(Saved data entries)

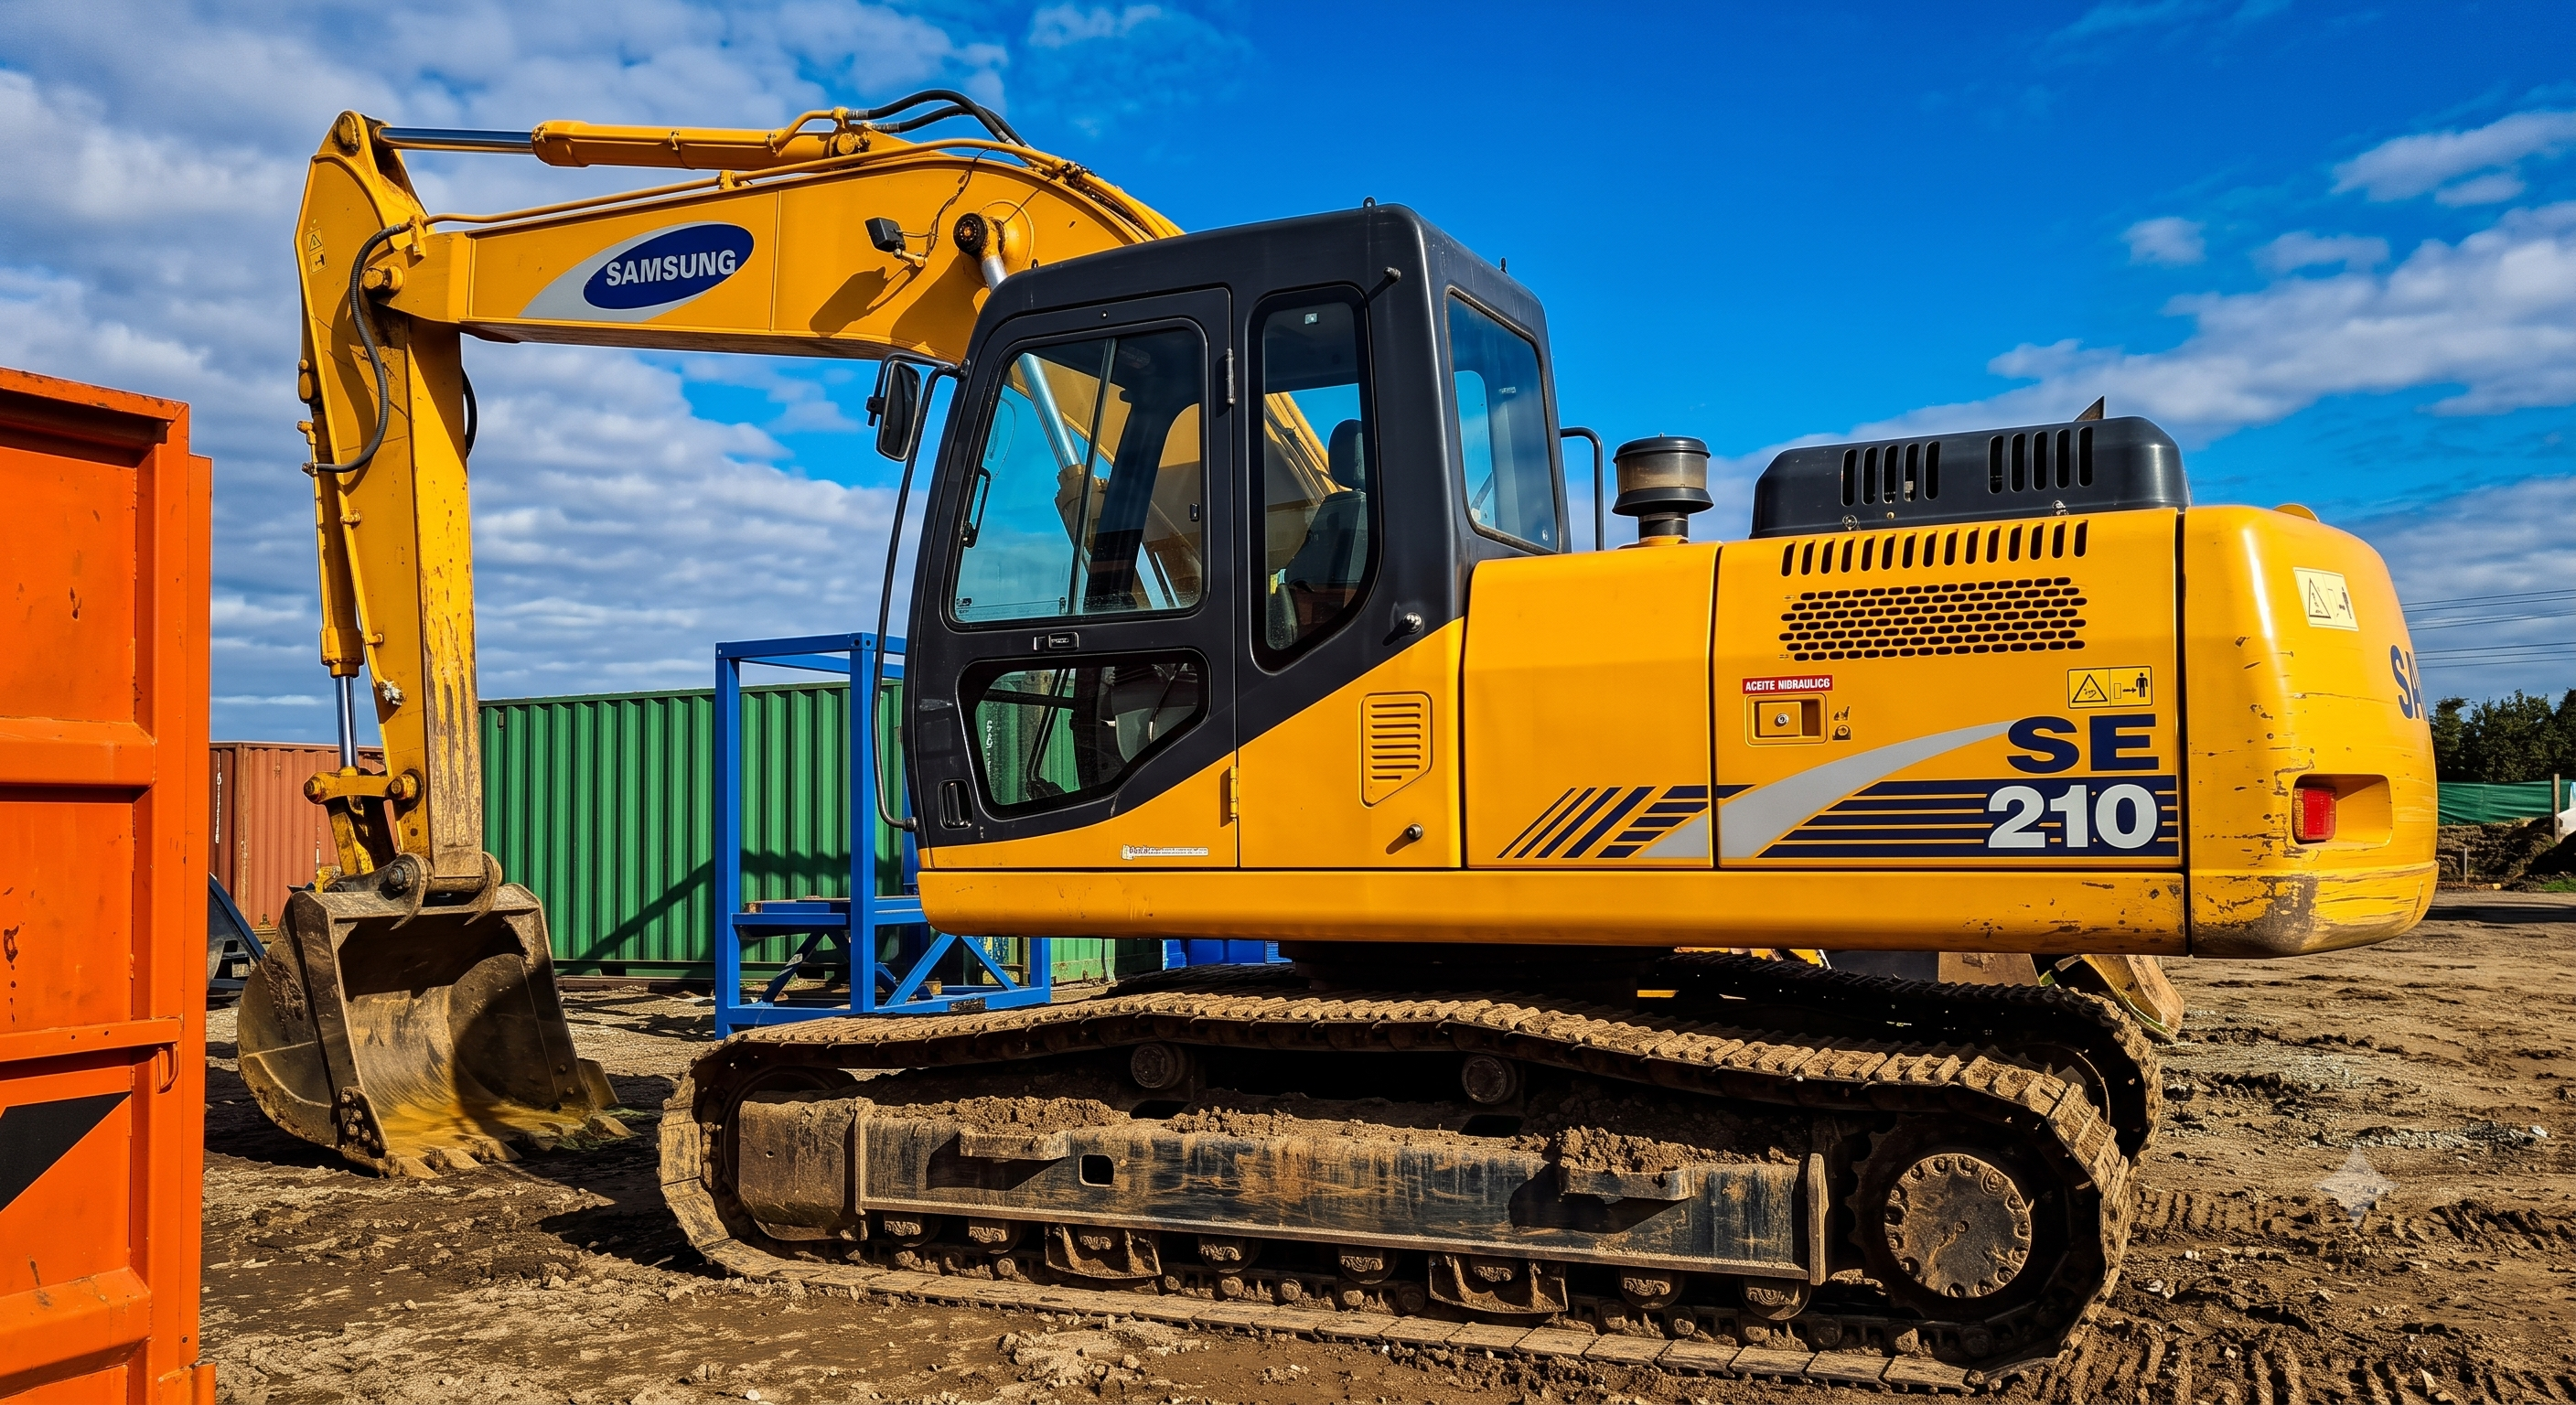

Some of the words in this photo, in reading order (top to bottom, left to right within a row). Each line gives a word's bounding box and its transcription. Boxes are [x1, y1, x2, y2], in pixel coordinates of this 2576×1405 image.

[606, 250, 735, 286] SAMSUNG
[1745, 680, 1776, 692] ACEITE
[2390, 645, 2428, 721] SA
[2006, 713, 2159, 774] SE
[1988, 784, 2158, 849] 210
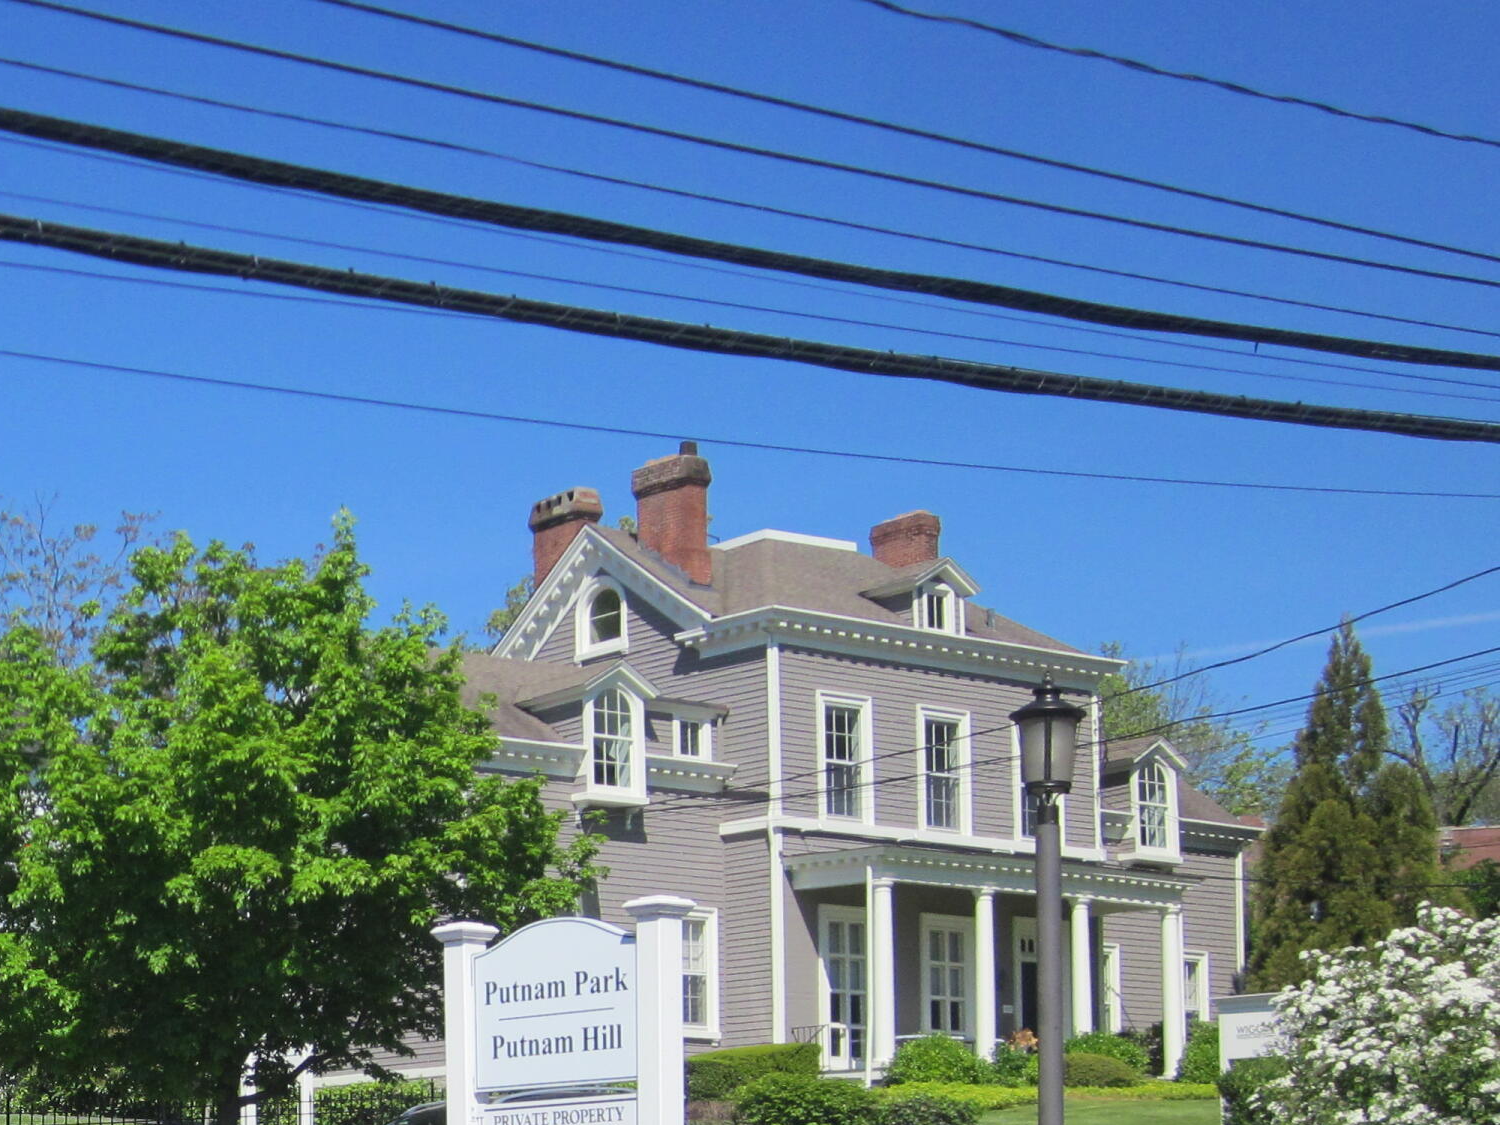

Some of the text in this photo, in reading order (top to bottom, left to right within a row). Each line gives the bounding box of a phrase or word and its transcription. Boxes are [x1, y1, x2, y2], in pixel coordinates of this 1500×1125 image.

[485, 966, 628, 1006] Putnam Park
[492, 1023, 622, 1060] Putnam Hill
[553, 1106, 624, 1125] PROPERTY
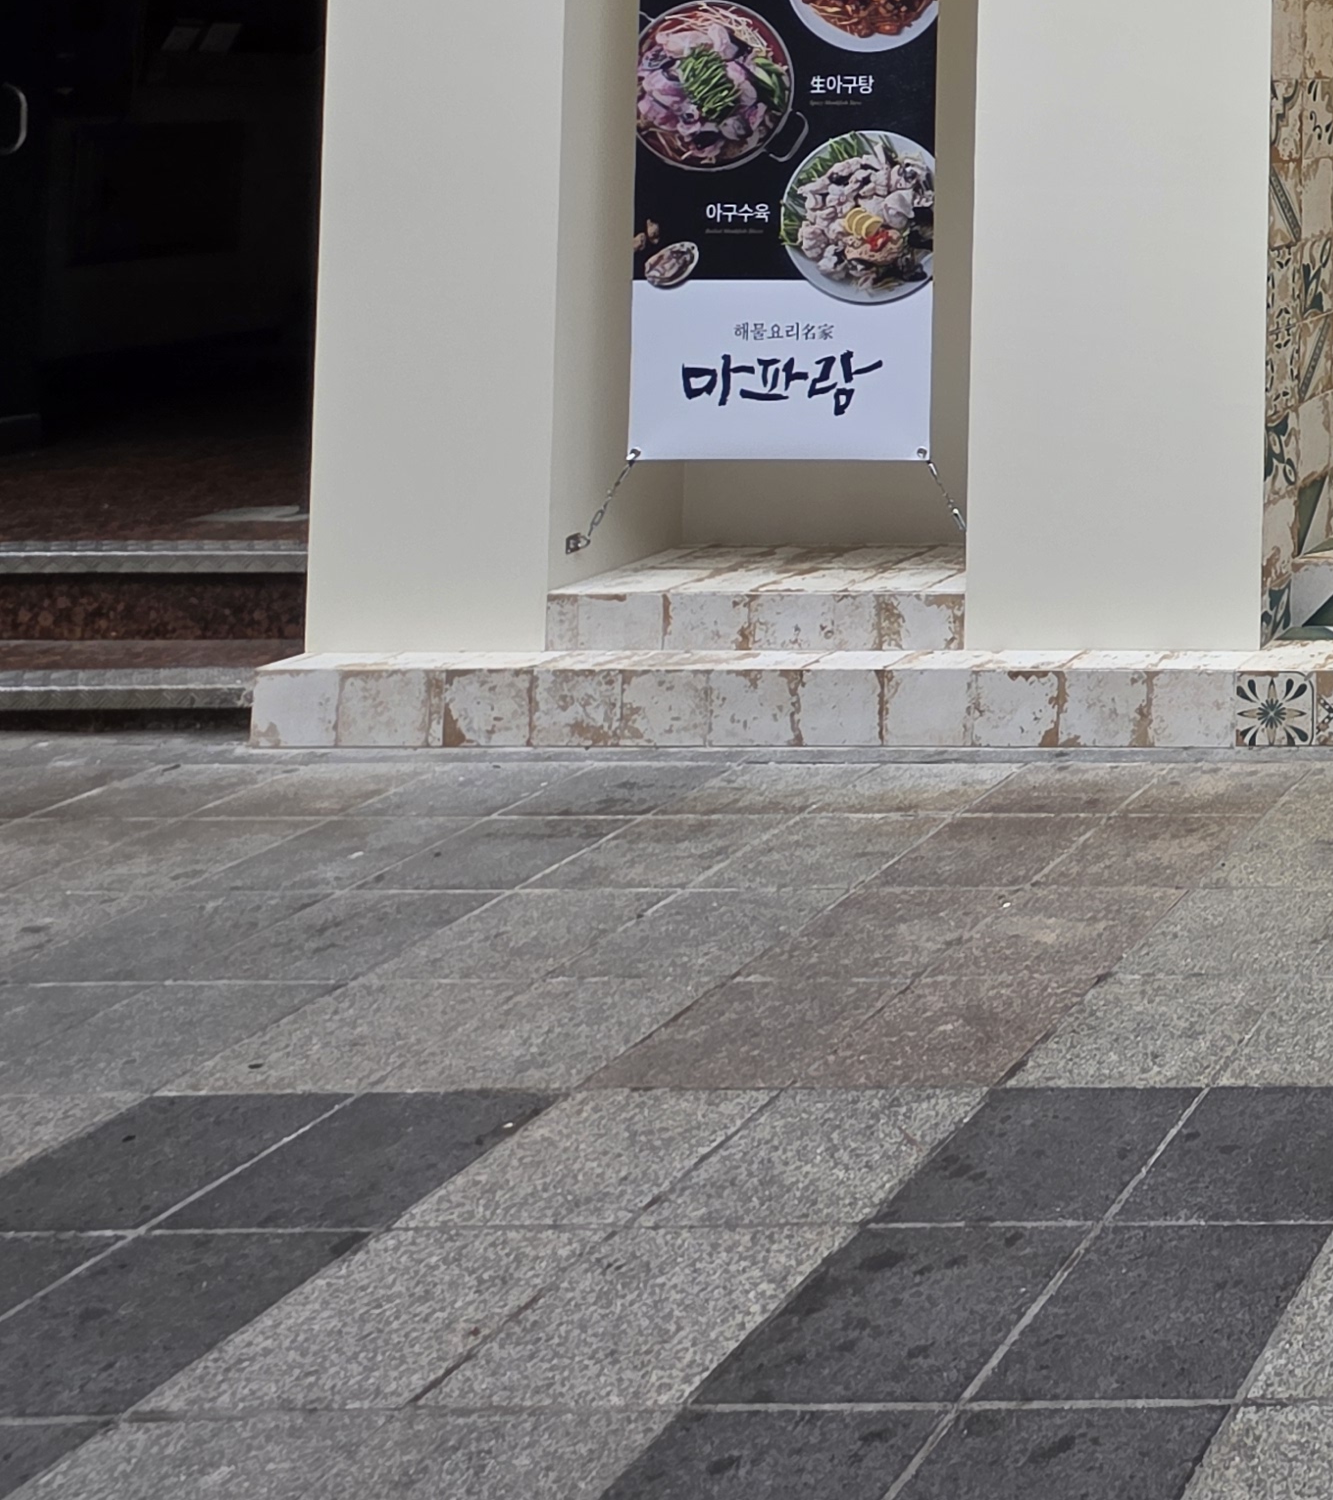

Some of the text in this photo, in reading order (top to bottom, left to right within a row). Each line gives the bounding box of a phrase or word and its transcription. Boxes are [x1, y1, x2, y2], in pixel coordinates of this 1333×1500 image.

WHAT TO WORK ON: Write out the data precisely as given, excluding the pictures.

FINISHED EXERCISE:
Some of the words in this photo, in reading order (top to bottom, left to right within a row). Each line gives a word's bounding box and its transcription. Boxes are [x1, y1, x2, y2], in pixel coordinates of this 2576×1405 image.

[606, 250, 735, 286] SAMSUNG
[1745, 680, 1776, 692] ACEITE
[2390, 645, 2428, 721] SA
[2006, 713, 2159, 774] SE
[1988, 784, 2158, 849] 210

Some of the text in this photo, in reading order (top to bottom, left to right within a row). Each line gives the bounding box of a phrase or word and its transcription. Boxes are [x1, y1, x2, y2], in pixel coordinates of this 1500×1125 image.

[485, 966, 628, 1006] Putnam Park
[492, 1023, 622, 1060] Putnam Hill
[553, 1106, 624, 1125] PROPERTY

Some of the text in this photo, in reading order (top to bottom, left to right within a row). Each line gives the bounding box of a phrase or word and its transcription. Boxes are [x1, y1, x2, y2], in pixel coordinates of this 1333×1500 image.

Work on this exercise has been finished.